◆ **Required action**:
Nothing but the records themselves, exactly as written, should appear in the reply; leave out the pictures.
(Working data Opens)
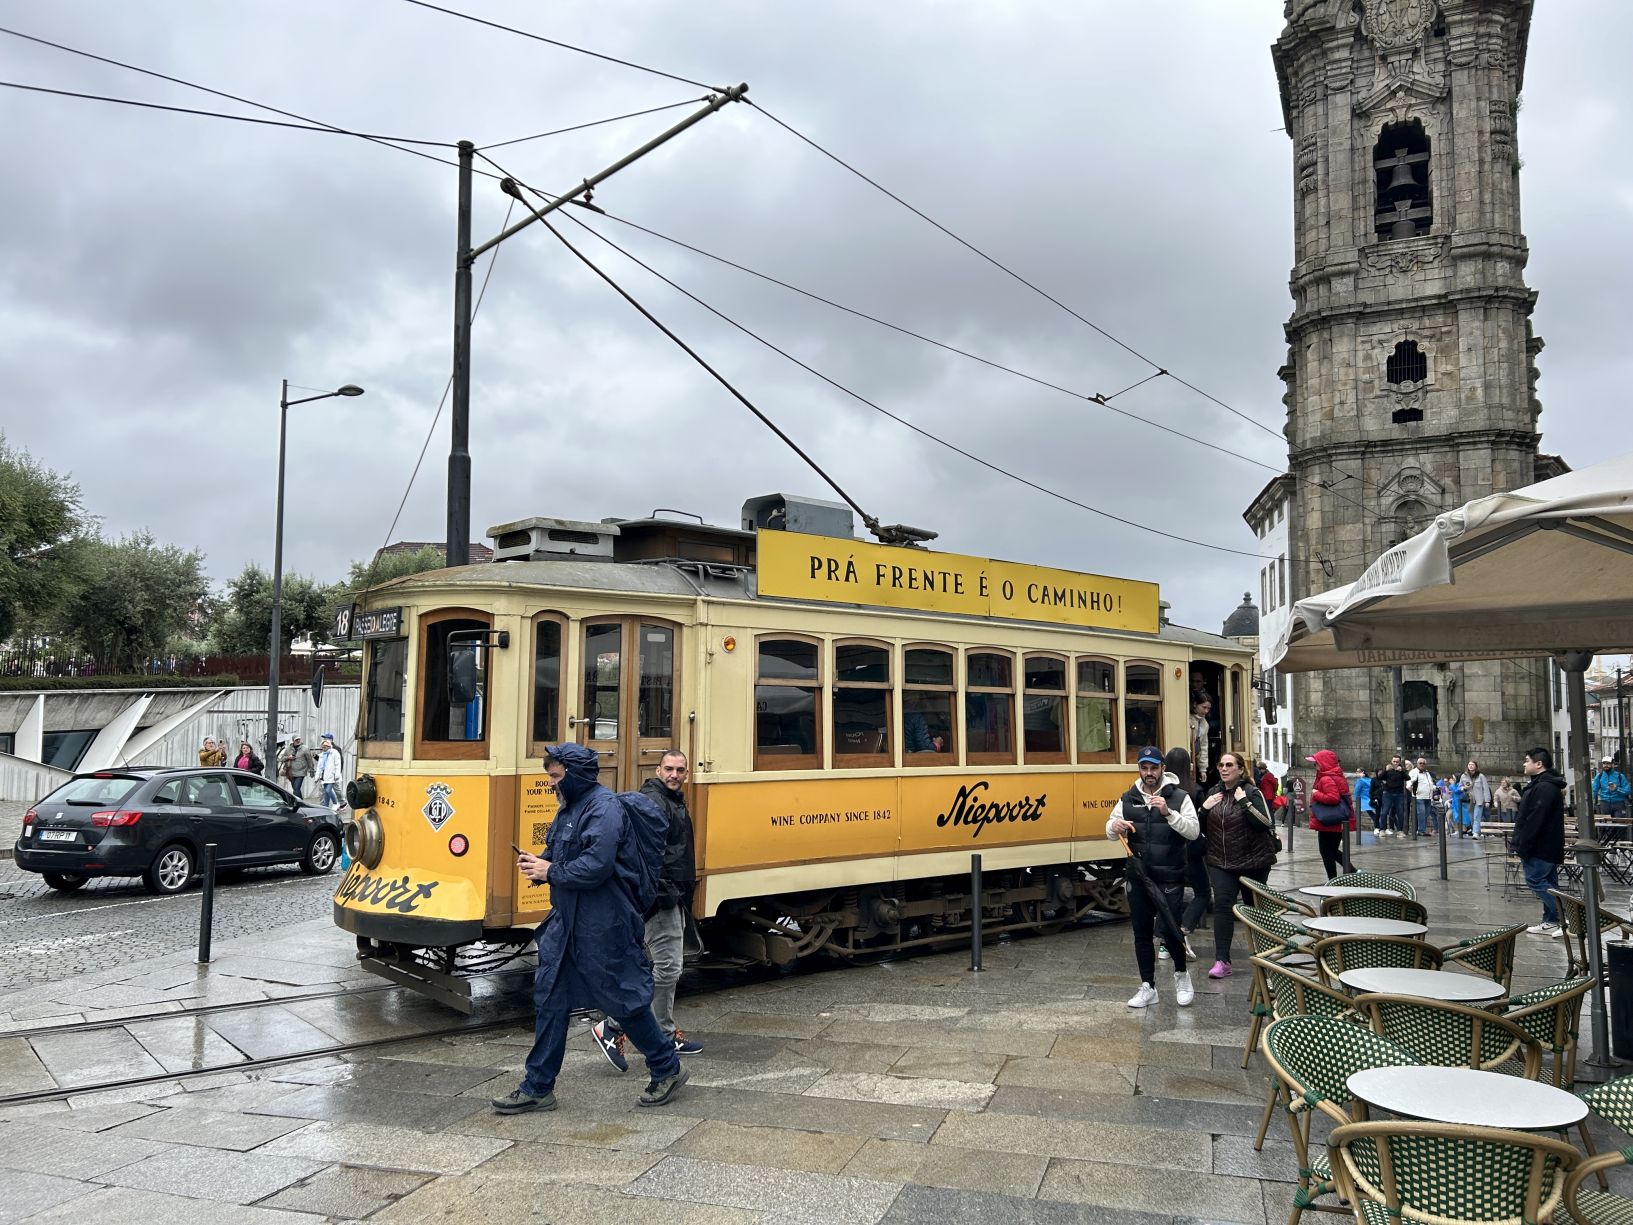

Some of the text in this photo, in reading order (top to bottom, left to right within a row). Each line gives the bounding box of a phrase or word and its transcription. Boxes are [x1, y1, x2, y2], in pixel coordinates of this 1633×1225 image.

[809, 554, 1121, 614] PRÁ FRENTE É O CAMINHO!
[336, 609, 349, 636] 18
[535, 780, 549, 788] BOO
[378, 796, 395, 808] 1842
[936, 781, 1047, 838] Niepoort
[1082, 800, 1098, 809] WINE
[770, 809, 891, 826] WINE COMPANY SINCE 1842
(Working data Closes)
◆ **Expected answer**:
Some of the text in this photo, in reading order (top to bottom, left to right within a row). Each line gives the bounding box of a phrase or word and its transcription. Boxes are [x1, y1, x2, y2], in pixel coordinates of this 1633×1225 image.

[809, 554, 1121, 614] PRÁ FRENTE É O CAMINHO!
[336, 609, 349, 636] 18
[535, 780, 549, 788] BOO
[378, 796, 395, 808] 1842
[936, 781, 1047, 838] Niepoort
[1082, 800, 1098, 809] WINE
[770, 809, 891, 826] WINE COMPANY SINCE 1842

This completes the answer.